Give back each entry unchanged, minus pictures.
---------- Input for this task
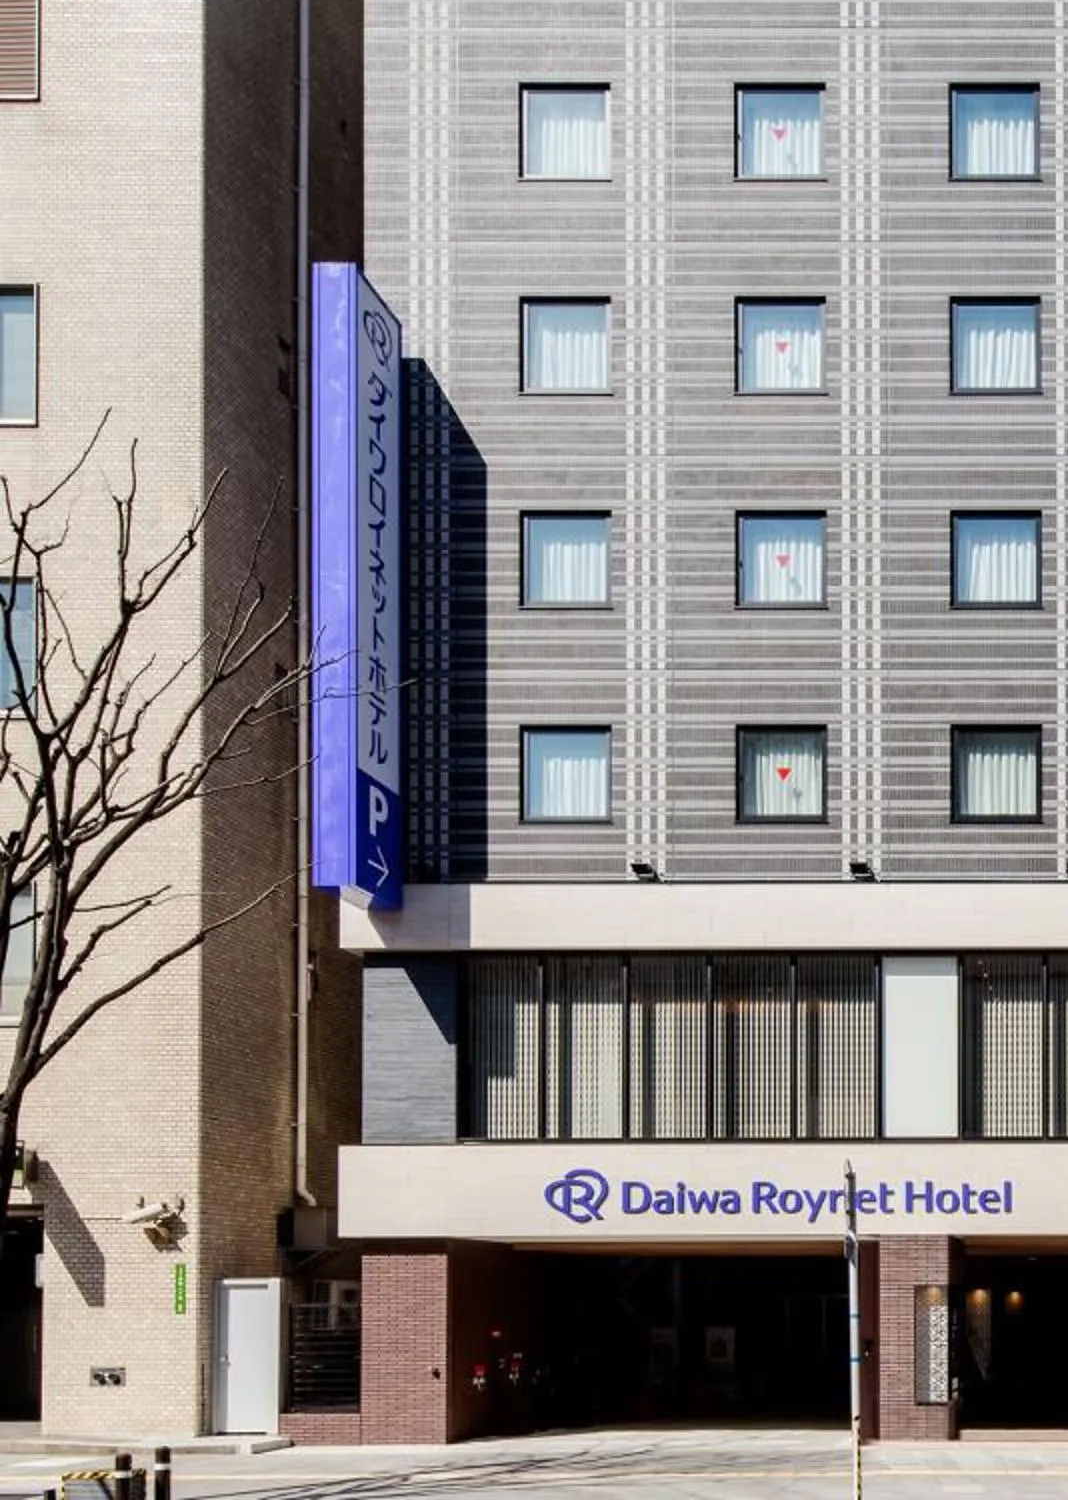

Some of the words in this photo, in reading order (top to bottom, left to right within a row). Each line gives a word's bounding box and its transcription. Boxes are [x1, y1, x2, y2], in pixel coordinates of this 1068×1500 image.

[367, 371, 392, 765] ダイワロイネットホテル
[369, 785, 389, 836] P
[621, 1181, 741, 1215] Daiwa
[904, 1181, 1013, 1215] Hotel
--------------------
Response to the exercise =>
Some of the words in this photo, in reading order (top to bottom, left to right within a row). Each line gives a word's bounding box and its transcription. Boxes are [x1, y1, x2, y2], in pixel coordinates of this 1068×1500 image.

[367, 371, 392, 765] ダイワロイネットホテル
[369, 785, 389, 836] P
[621, 1181, 741, 1215] Daiwa
[904, 1181, 1013, 1215] Hotel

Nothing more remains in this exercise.